Esta tipificación como “los buenos y los malos” tiene algo de cinematográfico. Pero ese no es el problema. Lo peor es que resulta inadecuada e injusta. Y es tan operativa como finalmente infecunda para el bien. O lo que es peor, es productiva negativamente. No digamos ya si esta clasificación alcanza indiscriminadamente a colectivos e instituciones. Aunque decimos encontrarla simplista, funciona con efectos indiscutibles y no pocas predecibles. Y en ocasiones se utiliza para aplicar contundentes medidas basadas en la confrontación, en la reducción del otro, en la eliminación de quien ya es entonces, sin duda, lo contrario, el contrario. No el contrincante, ni el diferente, sino el enemigo, que ha de ser aniquilado. Se objetiva y personifica la maldad y se define socialmente identificándola con peligrosos colectivos que han de ser reducidos. No es que no los haya. Sin embargo, en este caso se hace por muchas y buenas razones, aunque más en concreto, por no ser de los nuestros.
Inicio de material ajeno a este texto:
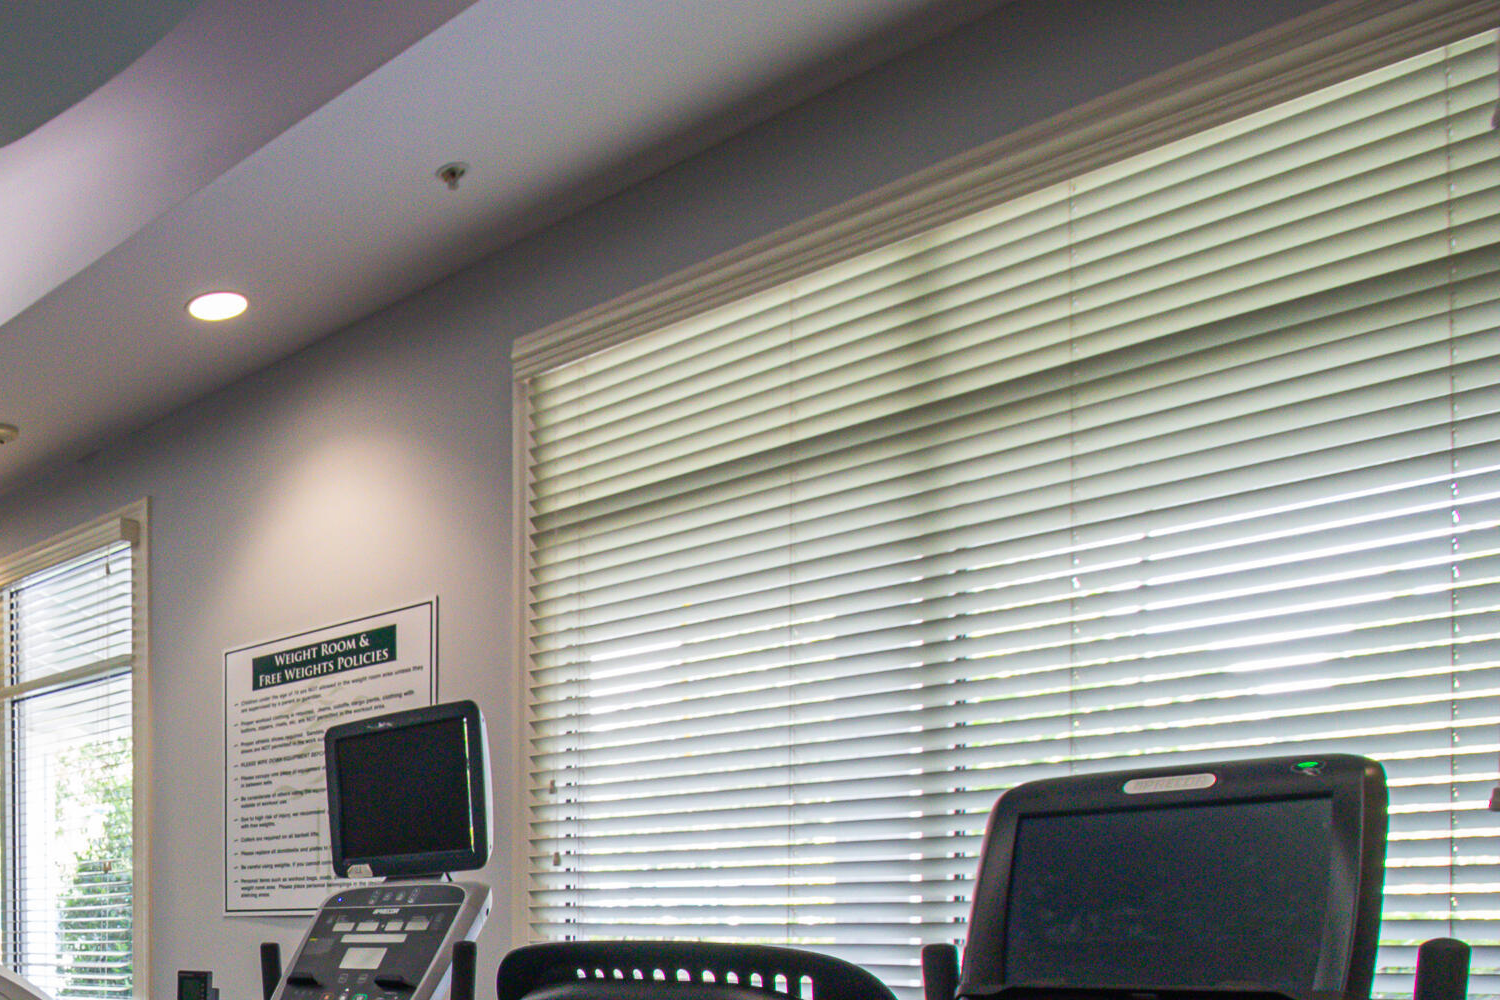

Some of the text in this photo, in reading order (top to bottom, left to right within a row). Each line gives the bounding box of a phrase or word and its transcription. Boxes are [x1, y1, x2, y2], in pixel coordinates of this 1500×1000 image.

[259, 648, 389, 687] FREE WEIGHTS POLICIES
[274, 633, 370, 667] WEIGHT ROOM &
No es necesario aludir a la mayor complejidad, ni es preciso ser dialéctico para cuestionar estas caricaturescas caracterizaciones. Es suficiente con ser cuidadoso, pero no viene mal recordar lo que Hegel nos dice en la Ciencia de la Lógica: “La pura luz y la pura oscuridad son dos vacíos que son la misma cosa. Sólo en la luz determinada –y la luz se halla determinada por medio de la oscuridad- y por lo tanto sólo en la luz enturbiada puede distinguirse algo, así como sólo en la oscuridad determinada –y la oscuridad se haya determinada por medio de la luz- y por lo tanto en la oscuridad aclarada es posible distinguir algo, porque sólo la luz enturbiada y la oscuridad aclarada tienen en sí mismas la distinción y por lo tanto son un ser determinado”. Hay buenos y malos, pero dicho esto así, sin más, sin determinarlo, no nos permite ver, ni ser, ni decir nada concreto. Salvo que, ahora ya, reincidentes, insistamos en que, por supuesto, los buenos somos nosotros. Y ya se sabe lo que son ellos.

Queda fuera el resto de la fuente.